She had hardened her heart to help get over the loss. She had thought she could get on with things now, but when she heard of Lukas’s loss it reminded her of her own and she could barely speak. Lukas sensed her feelings and came forward and took her hands in his. She looked down, surprised yet gratified, and saw that the ink of his hands had smudged onto hers.

“My brother’s real name was Tomas,” she said finally, squeezing his hands before letting them go. “I didn’t like his code name—it made him sound slippery and cold. He wasn’t like that at all, at least when we were younger. After he went into the forest, he changed and started to become taciturn. I think he was killing his old self in a way because he was afraid of being soft. I never had a chance to see him much in the winter because it was so hard to get around. And then the next thing I knew, I received word that he was dead. Now I wish I’d tried harder to see him.”
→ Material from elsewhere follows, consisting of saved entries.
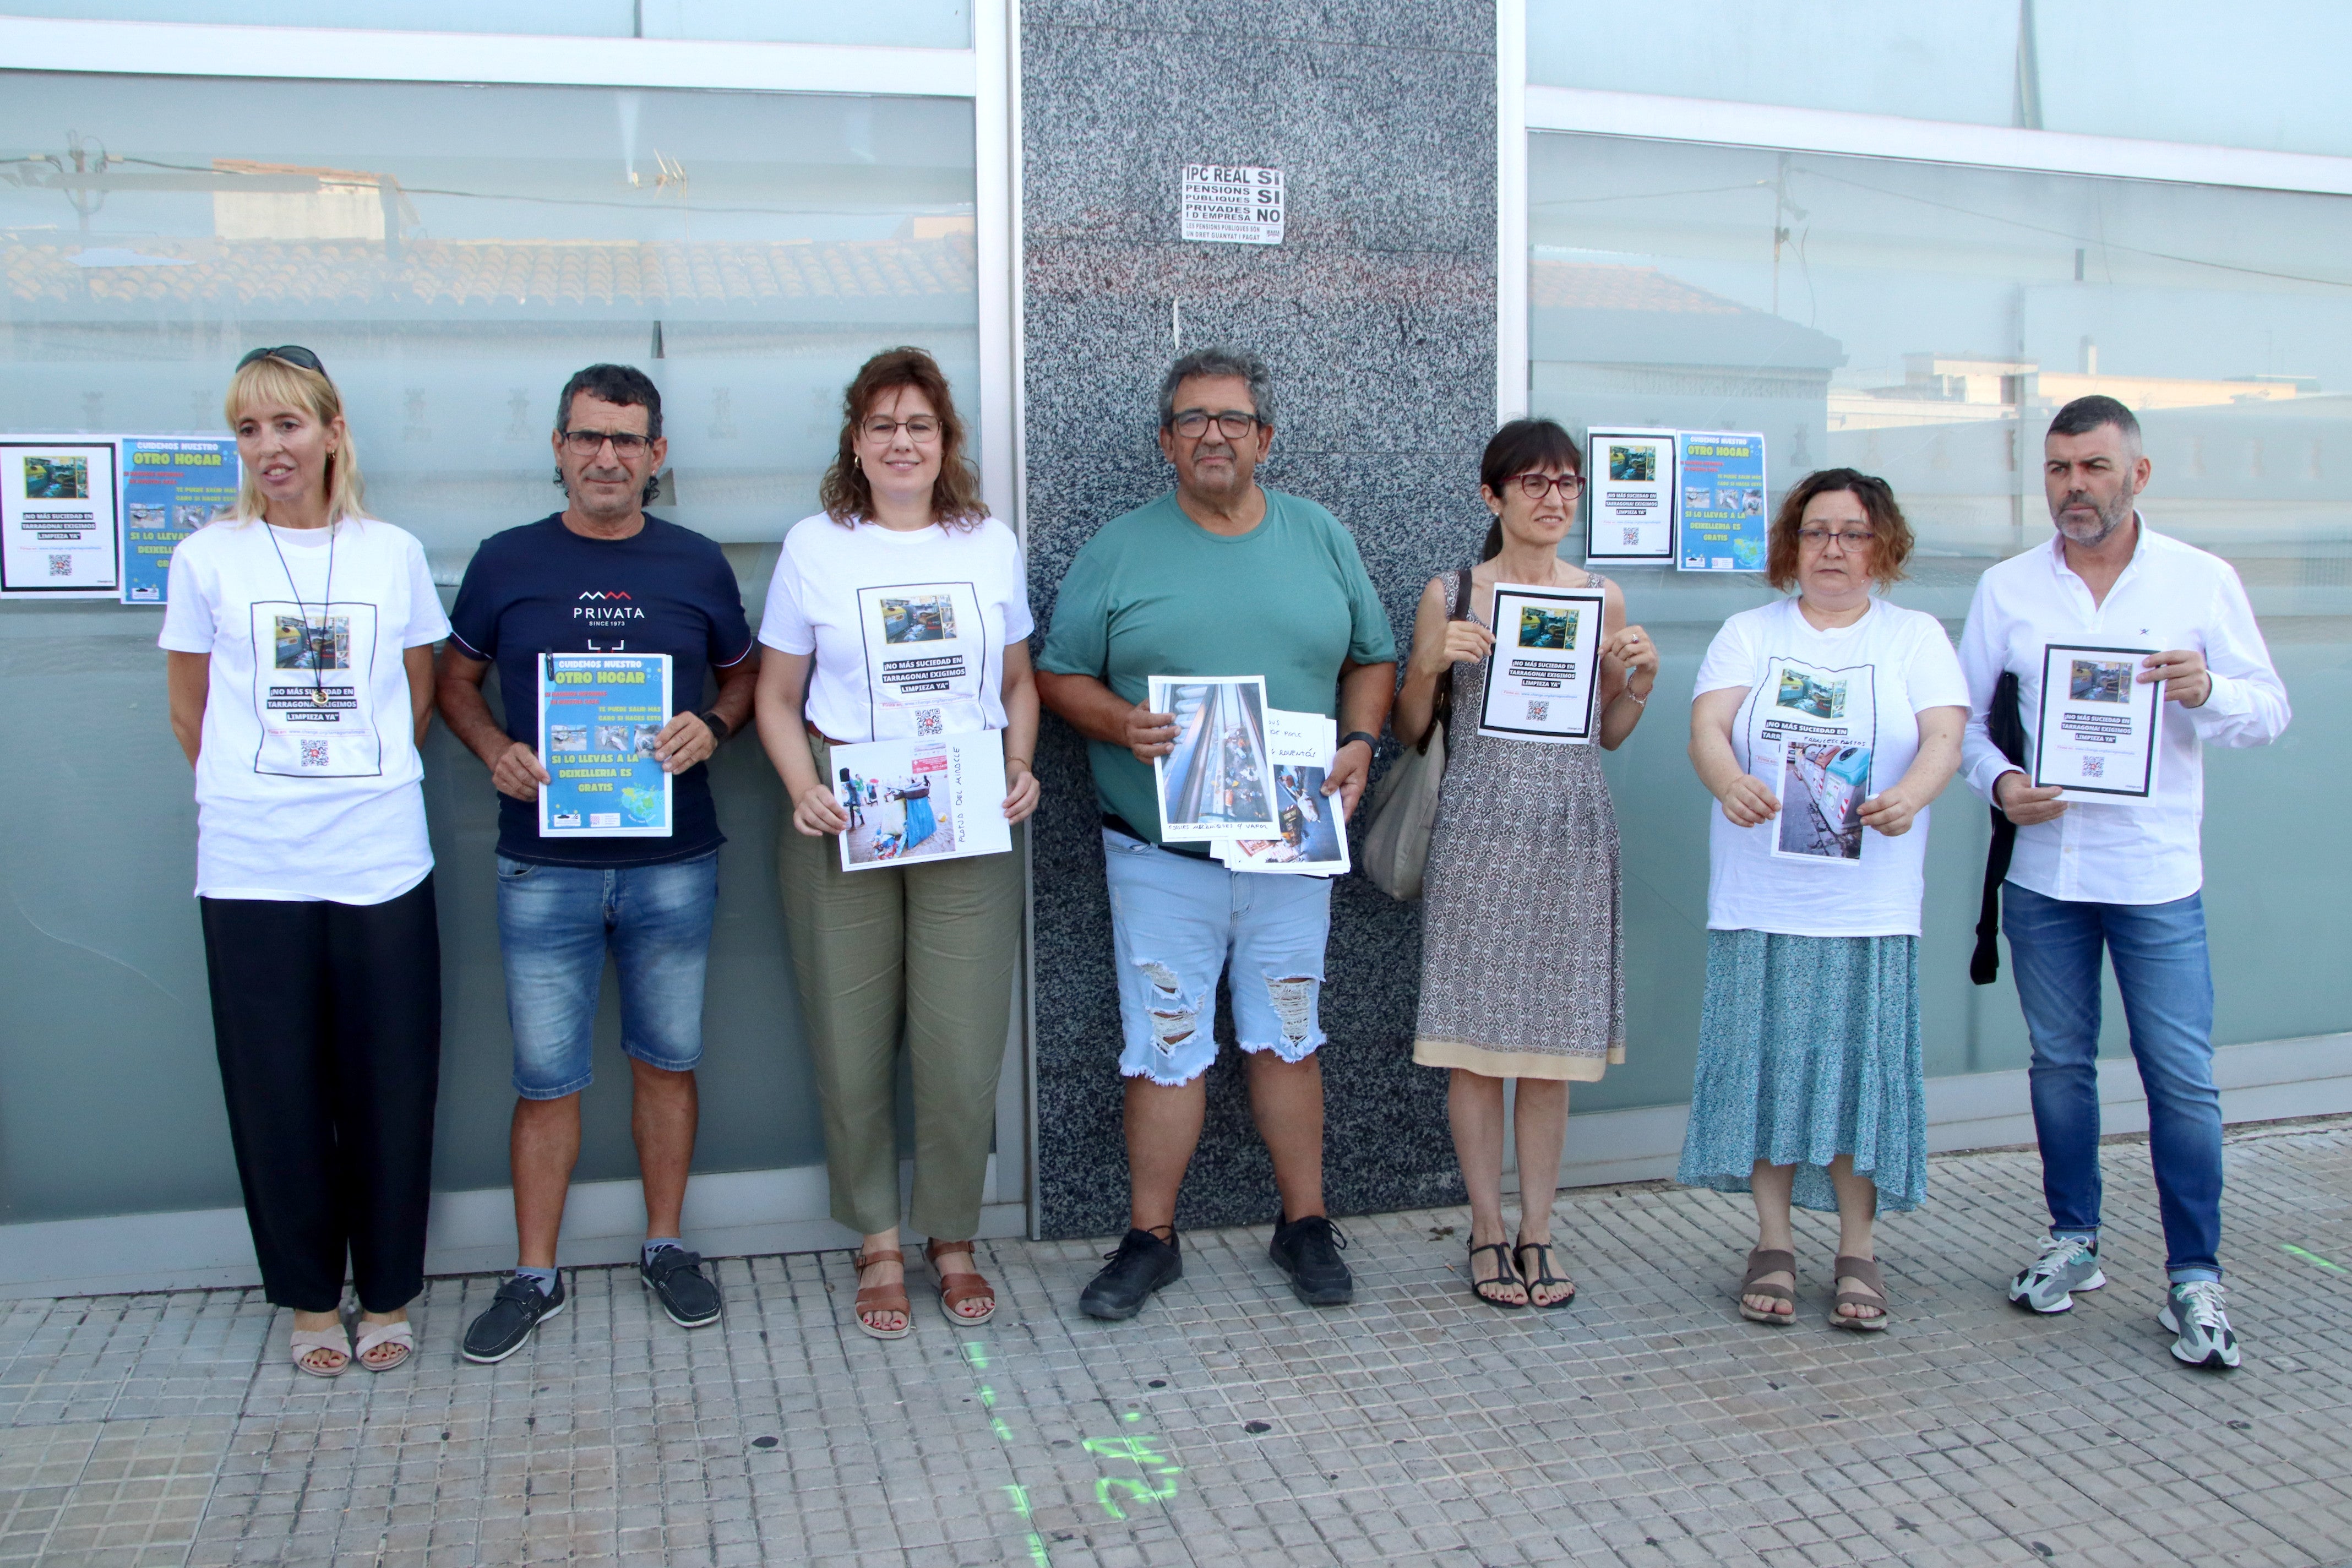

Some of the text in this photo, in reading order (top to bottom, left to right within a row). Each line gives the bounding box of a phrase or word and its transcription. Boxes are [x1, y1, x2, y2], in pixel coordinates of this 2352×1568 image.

[1186, 167, 1280, 185] IPC REAL SI
[1186, 185, 1280, 204] PENSIONS SI
[1186, 194, 1250, 203] PÚBLIQUES
[1186, 204, 1280, 222] PRIVADES NO
[1687, 445, 1750, 457] OTRO HOGAR
[133, 453, 221, 466] OTRO HOGAR
[130, 532, 140, 540] SI
[143, 532, 154, 540] LO
[573, 608, 645, 618] PRIVATA
[916, 658, 951, 667] SUCIEDAD
[555, 671, 645, 684] OTRO HOGAR
[883, 669, 965, 682] TARRAGONA! EXIGIMOS
[1799, 725, 1836, 734] SUCIEDAD
[552, 754, 639, 764] SI LO LLEVAS A LA
[559, 768, 632, 778] DEIXELLERIA ES
[578, 783, 613, 792] GRATIS
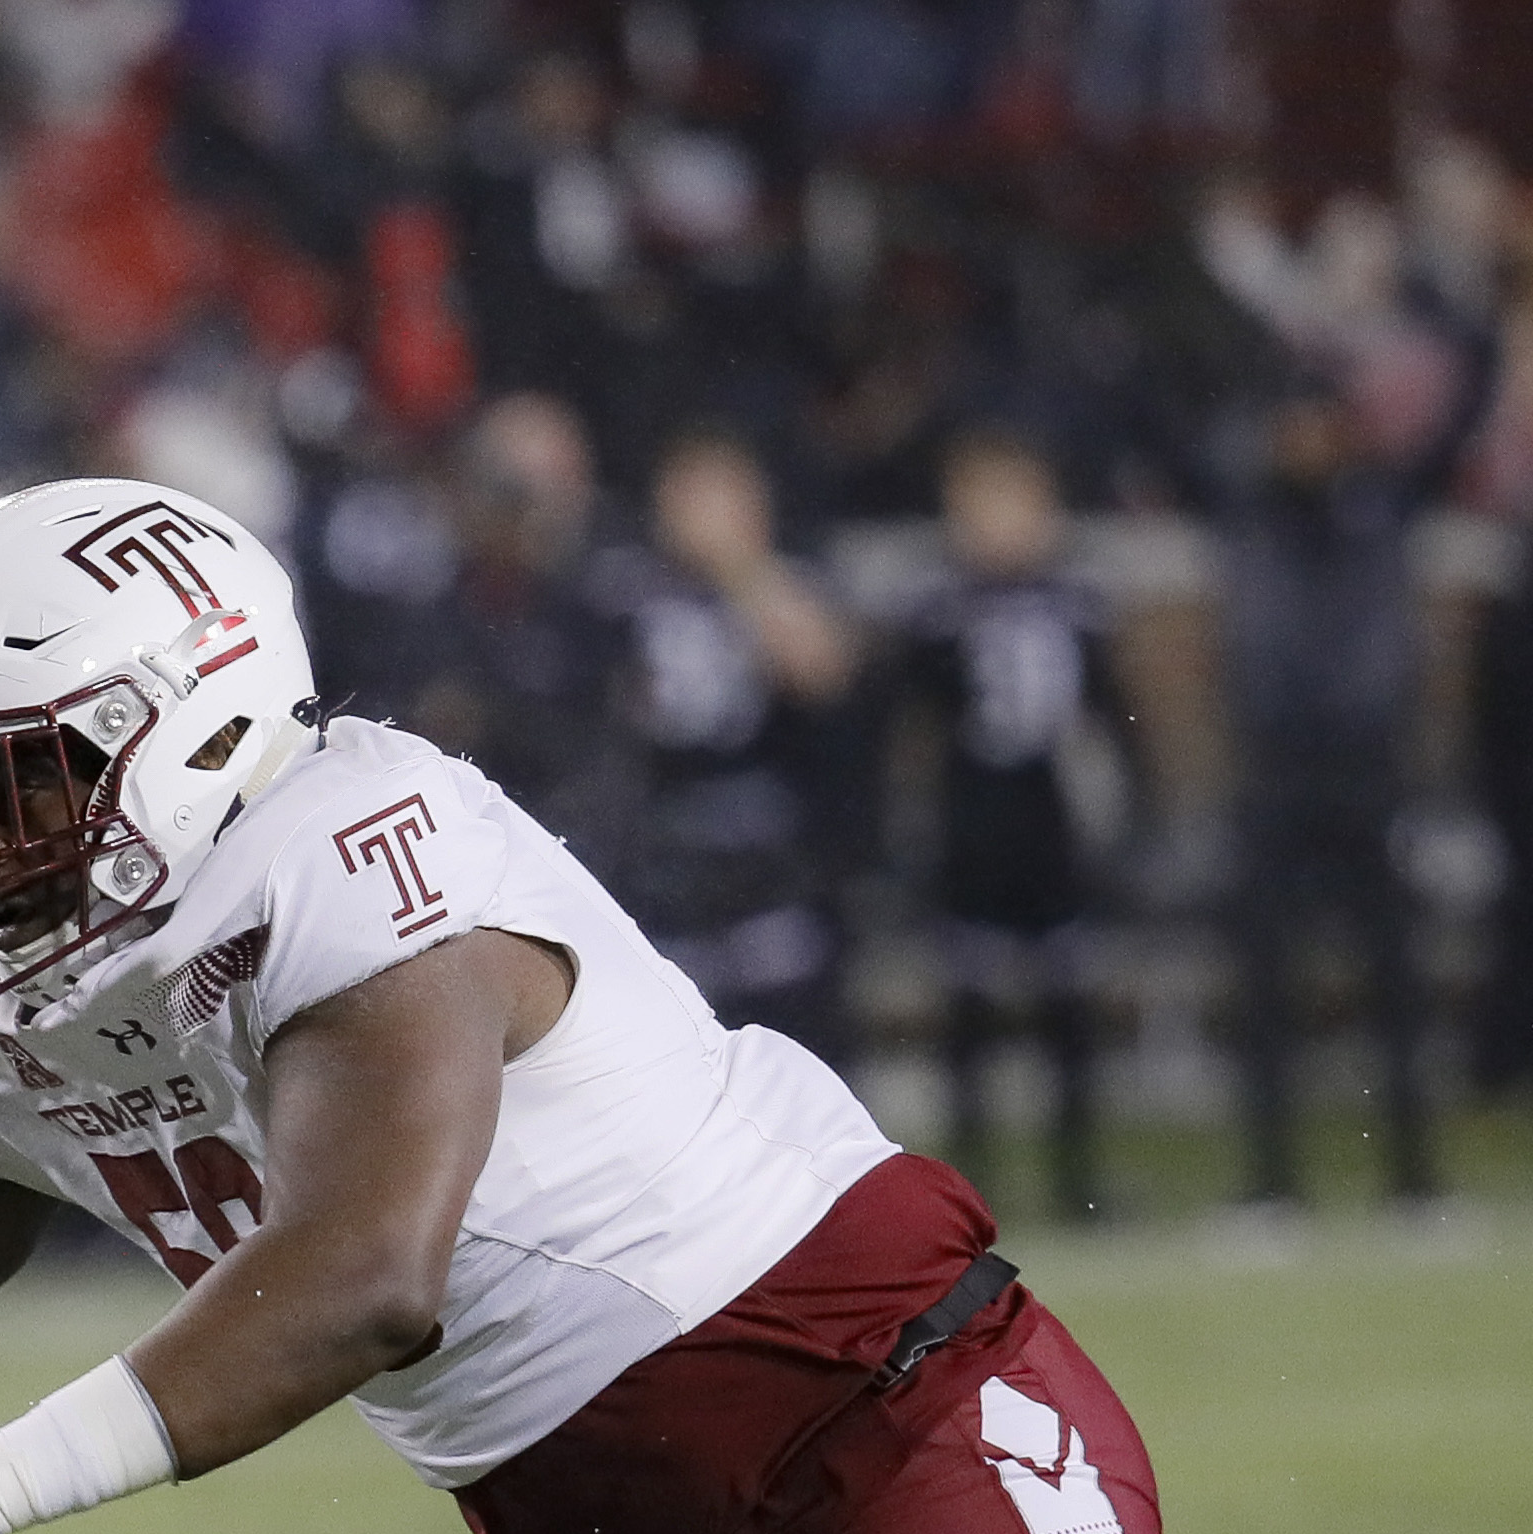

“How could you have known? None of us knows when our time is coming.”

“No. You say you were with him on the final mission?”

“Yes.”

“Can you tell me what happened?”

It was not that Lukas didn’t want to be with her, but he wished they could talk of something else.

“Lakstingala was there and they’d been friends for a long time. Why don’t you ask him?”

“I already have. He told me in his rough, country way, his soldier’s way.”

“What do you expect me to add?”

“I don’t know. Why don’t you just tell me what it was like?”

“All right.”

Lukas took off his apron and they sat down on the grass. The radio was playing on the stump nearby, and the conversation of men murmured indistinctly at the other end of the clearing like the sound of a brook.

“Do you have a cigarette?” she asked.

“I gave them up. The smell of tobacco smoke carries quite a distance, and I didn’t like the cravings for it when we were on a mission and I couldn’t smoke.”

“Then tell me what happened.”

Lukas stretched out, leaning on one elbow, and related the day’s events in Merkine. He trod carefully through the story, leaving out the part about Ungurys catching fire. He told Elena he was shot cleanly by the sniper and died before knowing what hit him.

“And you retrieved his body?”

“Yes. We buried him a few kilometres away, in a forest.”

“How did you dig the earth in the winter?”

“We used an old bunker.”

“I would like to visit that place someday.”

“I could show you, if you like.”

He looked at her then and thought he would like very much to travel with her to that place, sad though it might be. A pair of bees flew slowly about the field flower she held absently in her hands, and she observed them for a moment, and when she looked up, she caught him staring at her face. He was embarrassed, and she blushed in turn.

“Did you bury your brother near mine?” she asked.

“No, we couldn’t get the body. I didn’t even know he was dead for a couple of days. I kept waiting for him to find his way back to me.”

“Are you sure he wasn’t captured?”

“It doesn’t seem likely.”

“Miracles happen sometimes. I’ve heard of people surviving and showing up much later. I almost wish I knew less about the death of my brother, just so I could have a little hope. Lakstingala tells me I should be very proud of him. Everyone knows about the day the partisans took Merkine. There are stories about it all across the country. He’s some kind of hero, I guess.”

“Of course he is, but that doesn’t make it any easier to live without him. Life is hard.” He hadn’t meant a great deal by the statement, but it seemed to strike her in some way. She let the flower drop and reached forward and took his hand and squeezed it. For a moment he was afraid he might burst into tears. He crushed the emotion.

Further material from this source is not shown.